Z kolei zespół Deloitte przygotował pięć rekomendacji, których wdrożenie pozwoli uniknąć niepokojów społecznych i wpłynie pozytywnie na jakość życia uchodźców z Ukrainy. Wśród nich wymieniono na przykład aktywizację zawodową uchodźców - gdzie specjaliści widzą potrzebę zwiększenia potencjału urzędów pracy. Na kolejnym miejscu znalazła się nauka języka polskiego i ułatwienie specjalistom dostępu do rynku pracy przez łatwiejszą weryfikację zagranicznych dokumentów poświadczających wykształcenie lub kwalifikacje zawodowe. Następnie wskazano tworzenie ofert łączonych i zapewnienie dostępu do opieki przedszkolnej, dzięki czemu rodzice mogliby wchodzić szybciej na rynek pracy oraz redukcję barier na rynku najmu i systemowe podejście do mieszkalnictwa.
Co po wojnie
Jak pisaliśmy na początku artykułu, bez odpowiednich działań Polska może wrócić do tych samych problemów związanych z rynkiem pracy, jakie miała przed falą migracji.
– W listopadowej edycji "Barometru Polskiego Rynku Pracy" zapytaliśmy przedsiębiorców, czy obawiają się odpływu pracowników z Ukrainy po zakończeniu wojny i 24 proc. przyznało, że boi się takiego scenariusza.
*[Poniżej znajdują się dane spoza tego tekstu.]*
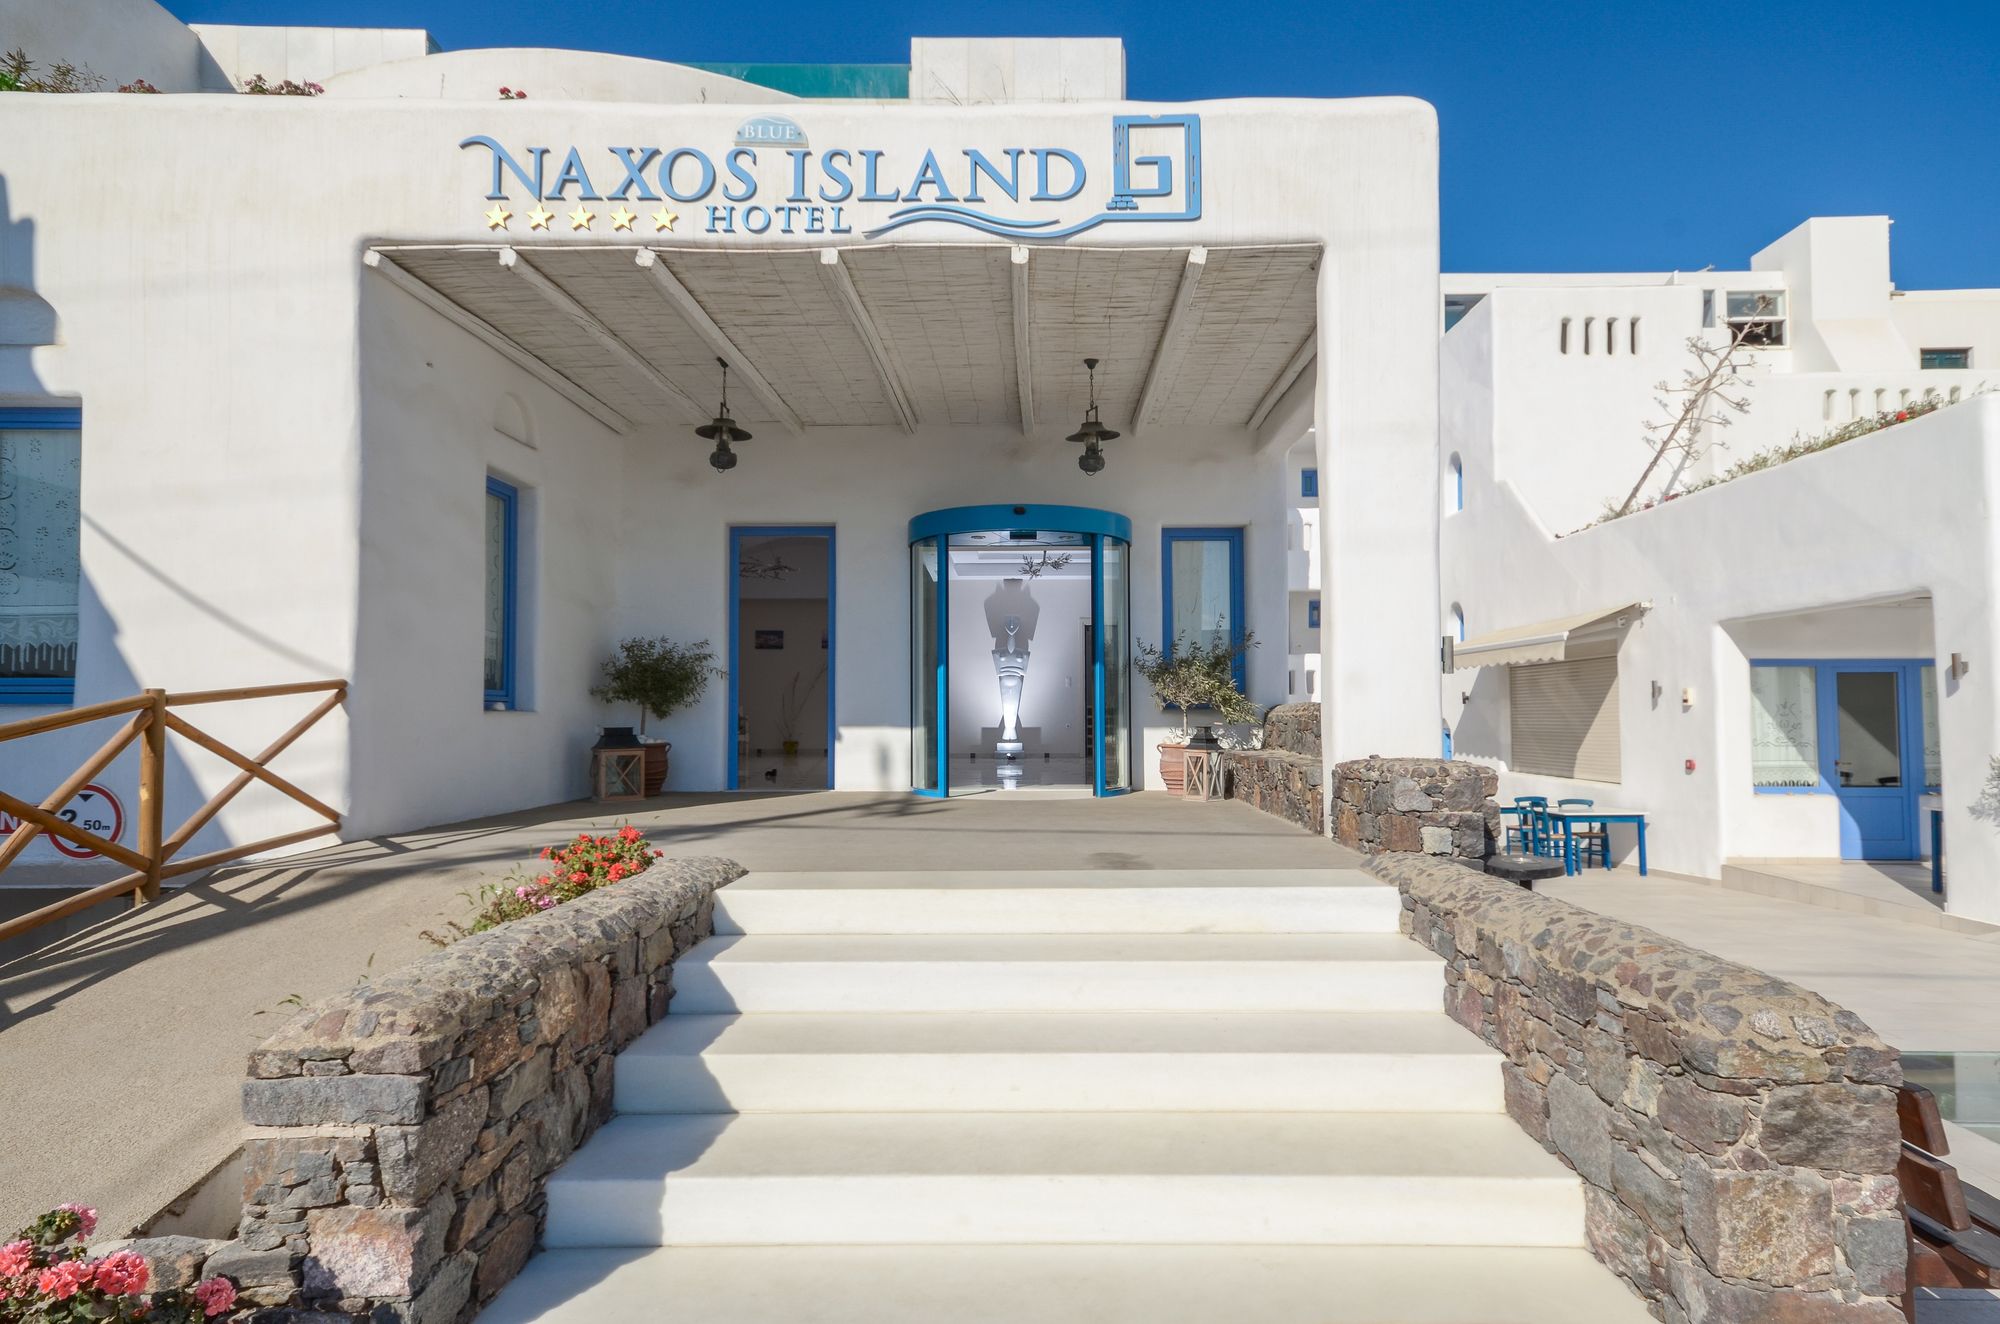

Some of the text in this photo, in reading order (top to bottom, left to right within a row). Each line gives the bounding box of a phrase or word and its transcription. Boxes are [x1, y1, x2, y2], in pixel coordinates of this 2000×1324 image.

[743, 124, 797, 140] BLUE
[459, 135, 1087, 202] NAXOS ISLAND
[704, 205, 852, 234] HOTEL
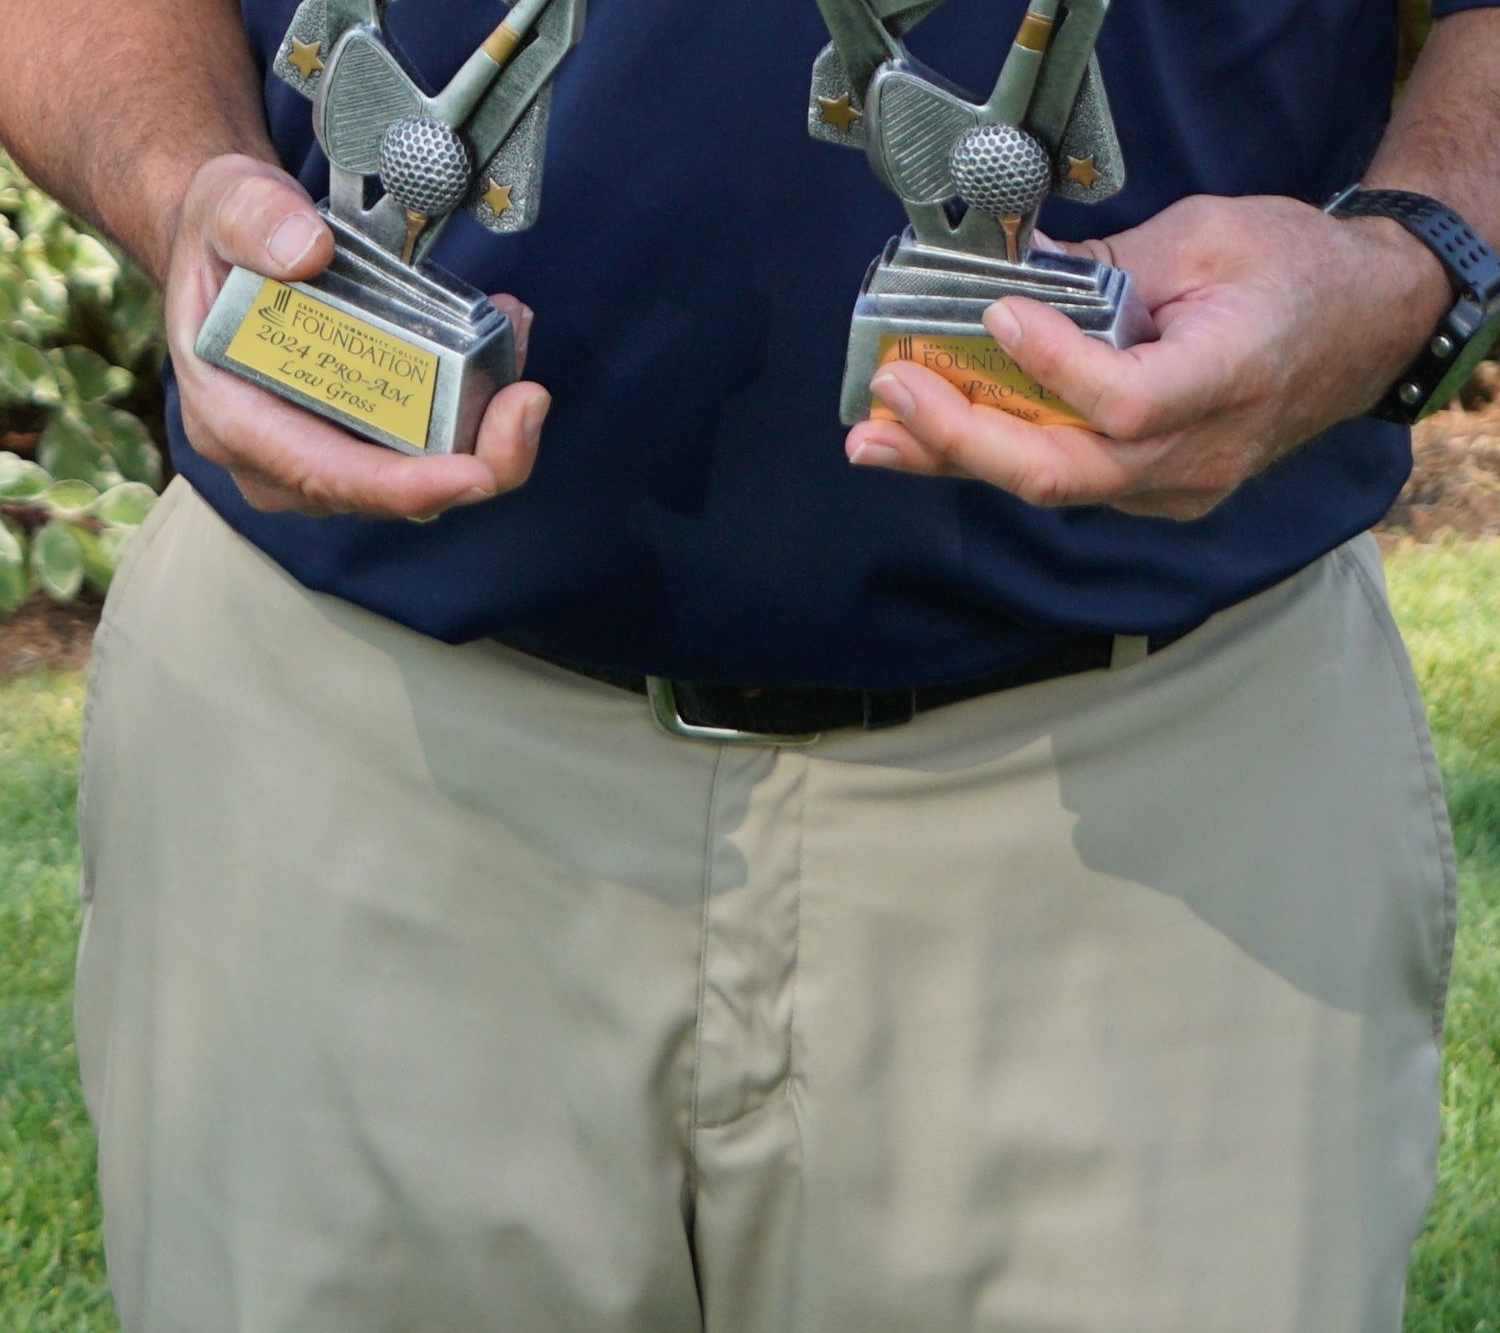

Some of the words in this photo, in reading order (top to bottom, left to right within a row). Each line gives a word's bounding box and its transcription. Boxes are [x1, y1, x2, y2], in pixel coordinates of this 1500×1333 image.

[256, 324, 312, 359] 2024
[292, 309, 428, 385] FOUNDATION
[298, 302, 334, 323] CENTRAL
[338, 321, 389, 348] COMMUNITY
[392, 346, 430, 367] COLLEGE
[279, 360, 323, 388] Low
[326, 381, 378, 414] Gross
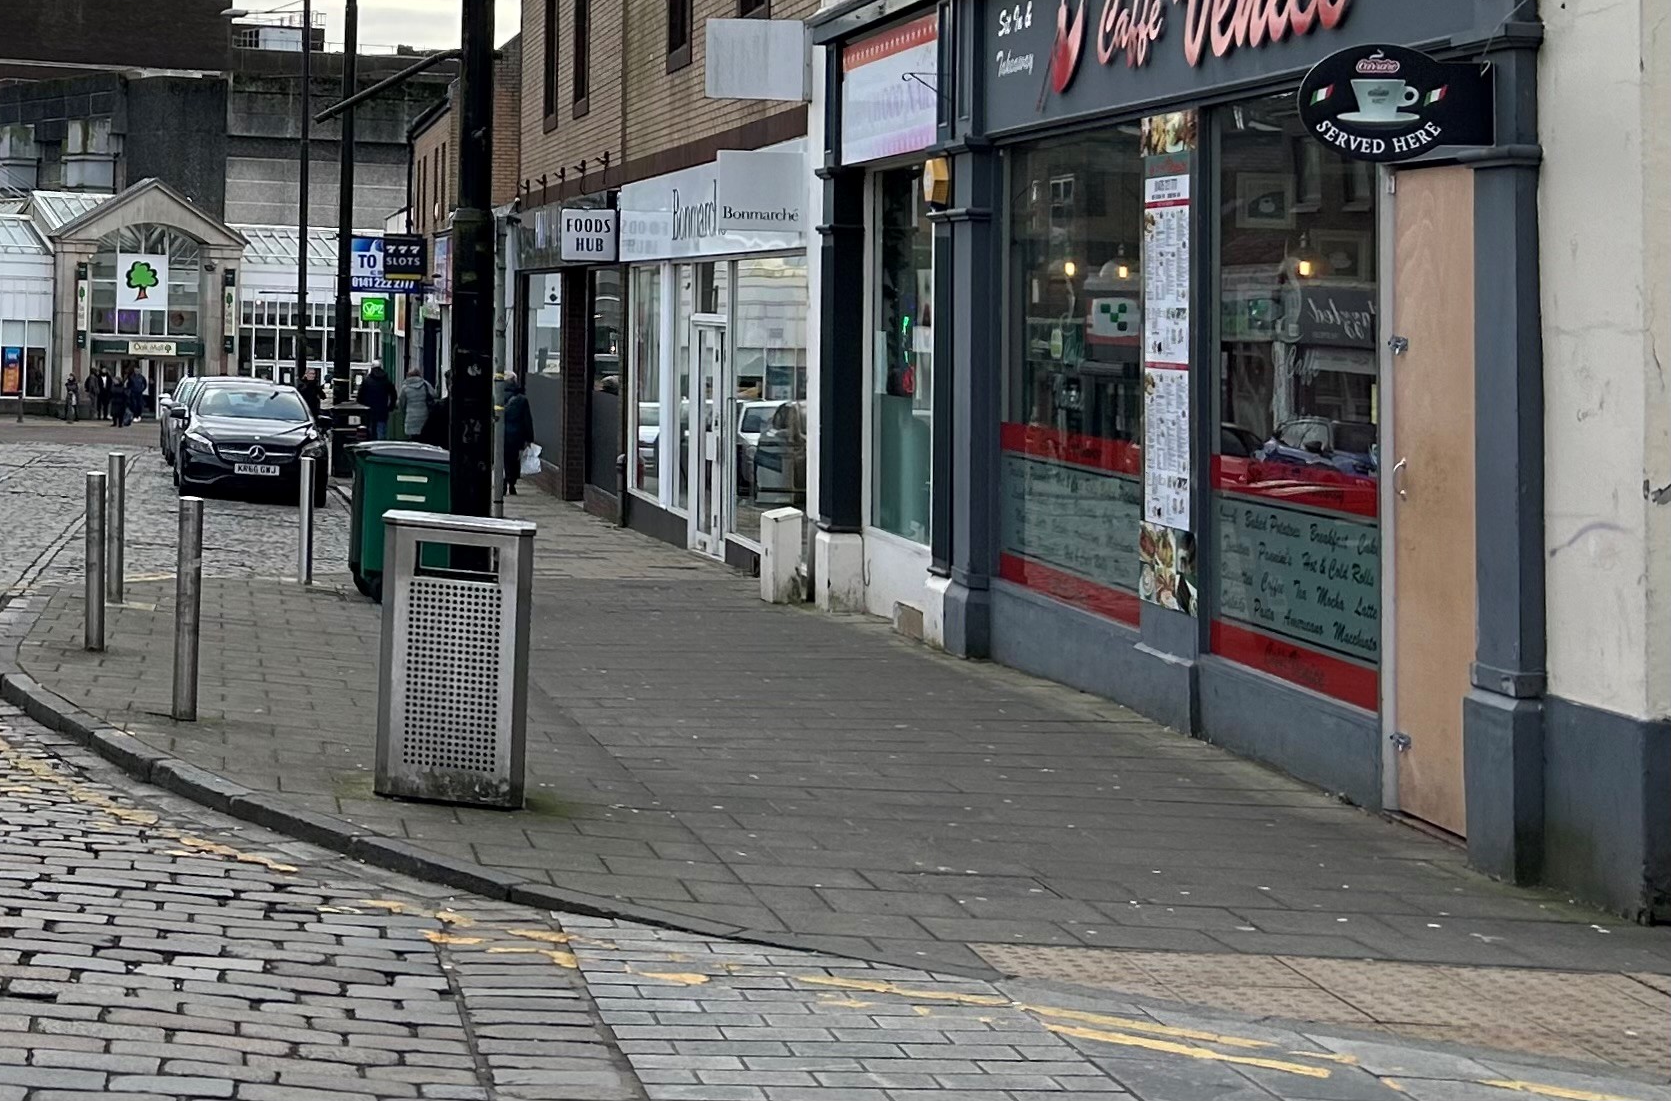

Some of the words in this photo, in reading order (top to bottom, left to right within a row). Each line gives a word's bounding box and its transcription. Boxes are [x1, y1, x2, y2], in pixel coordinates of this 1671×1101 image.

[1315, 120, 1386, 154] SERVED
[1392, 121, 1442, 153] HERE
[722, 205, 800, 221] Bonmarché
[566, 218, 611, 233] FOODS
[575, 237, 604, 252] HUB
[358, 254, 377, 268] TO
[385, 257, 421, 266] SLOTS
[352, 276, 373, 288] 0141
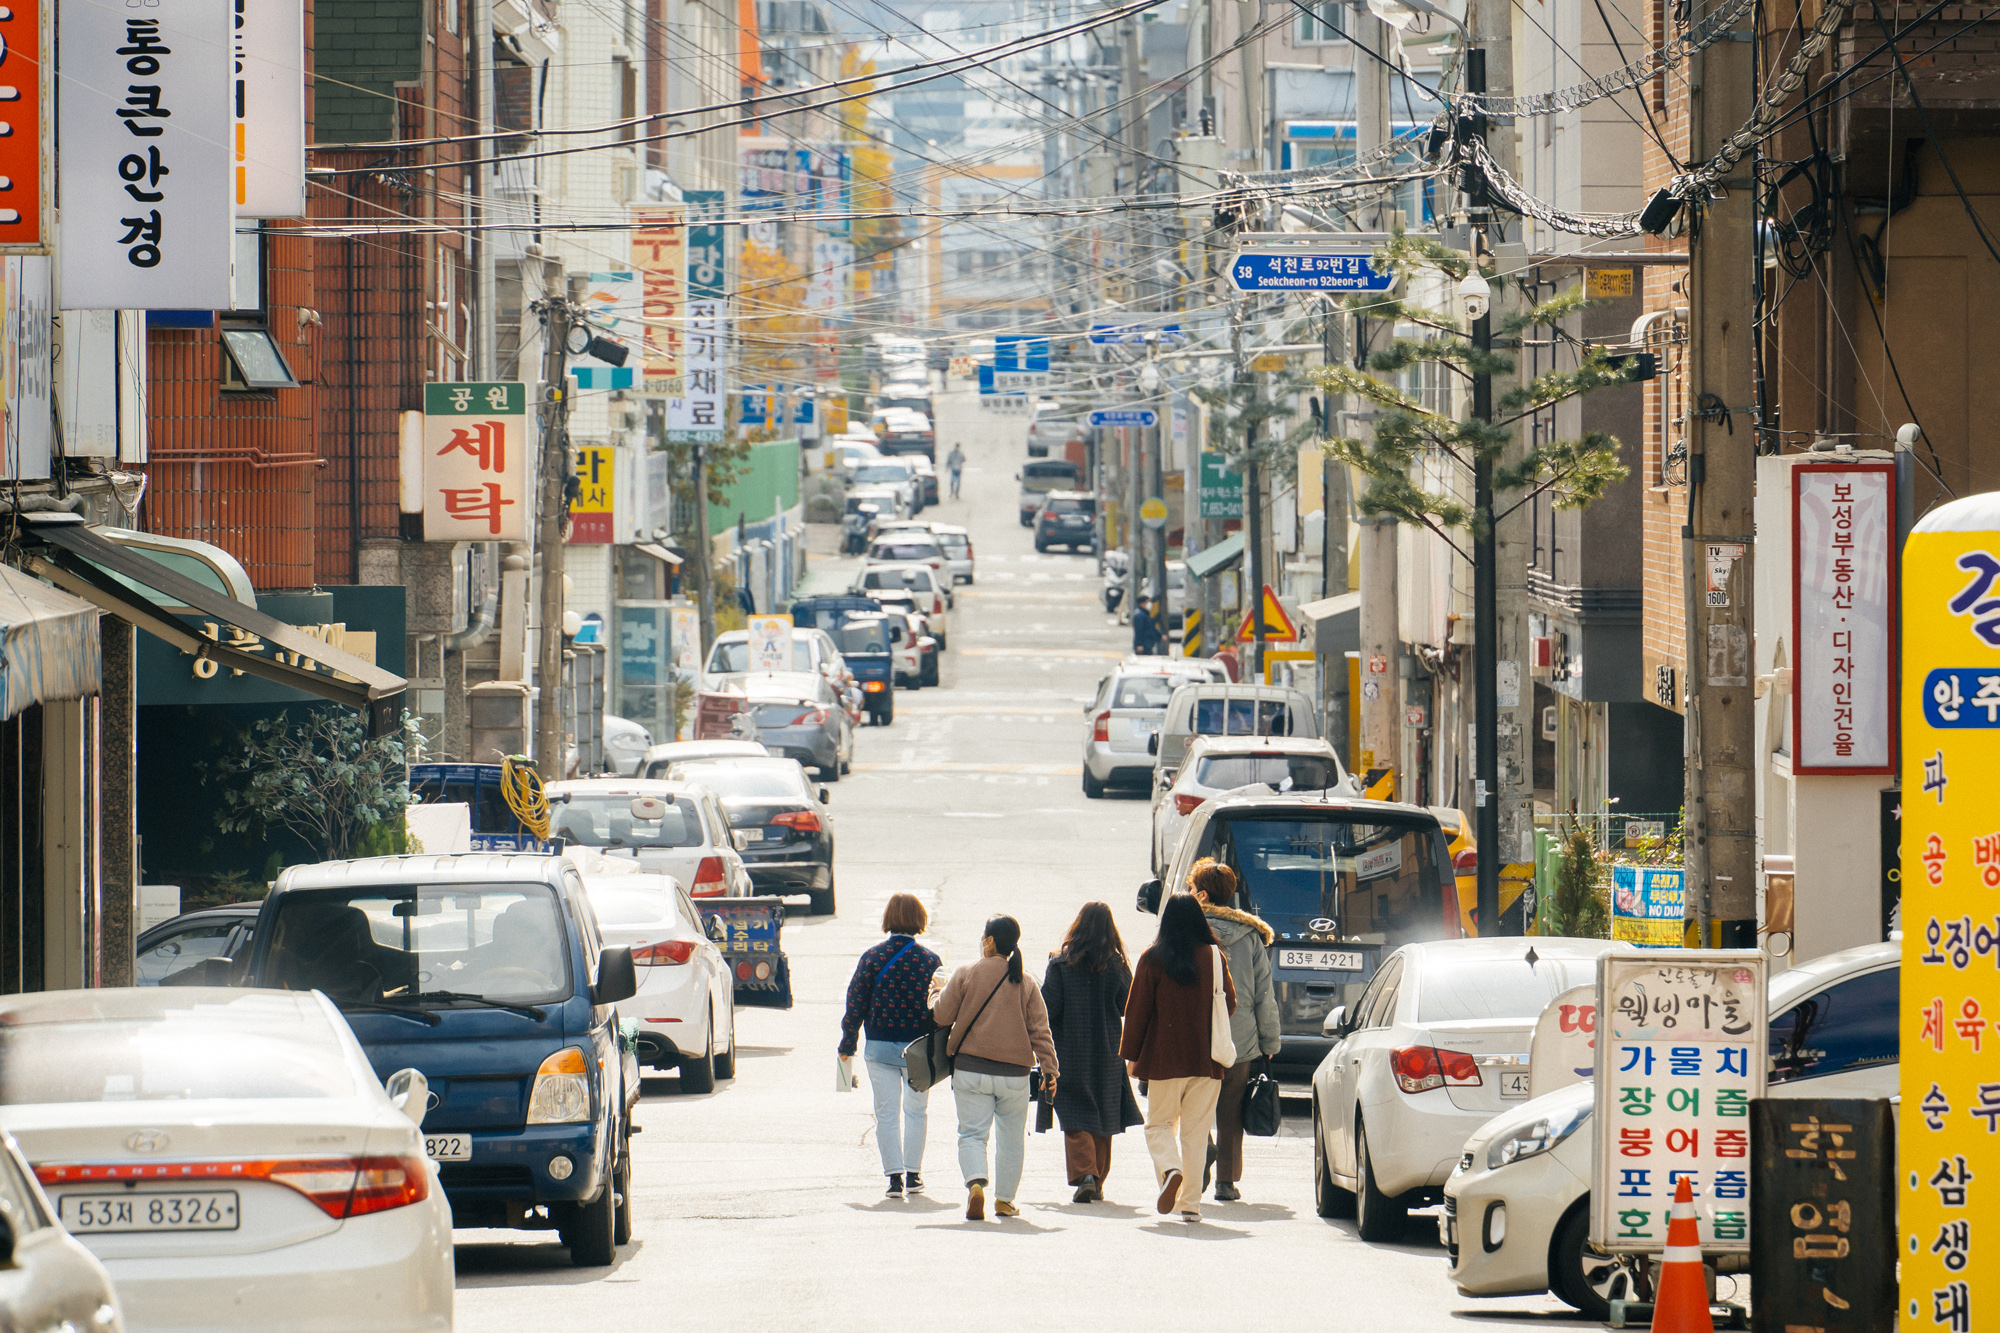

Głównie obawy dotyczą budownictwa i branży TLS – mówi nam Krzysztof Inglot, ekspert rynku pracy i założyciel Personnel Service.
Z kolei Aleksandra Wejt-Knyżewska na pytanie, czy po zakończeniu wojny polski rynek pracy doświadczy z powrotem problemów, z jakimi mierzył się przed lutym 2022 roku, odpowiada, że trudno jednoznacznie przesądzić, ponieważ będzie to zależne od szeregu czynników, z których do ważniejszych należą realne możliwości szybkiego powrotu uchodźców do Ukrainy po zakończeniu wojny oraz skala środków, które zostaną skierowane na odbudowę kraju i warunki korzystania z nich.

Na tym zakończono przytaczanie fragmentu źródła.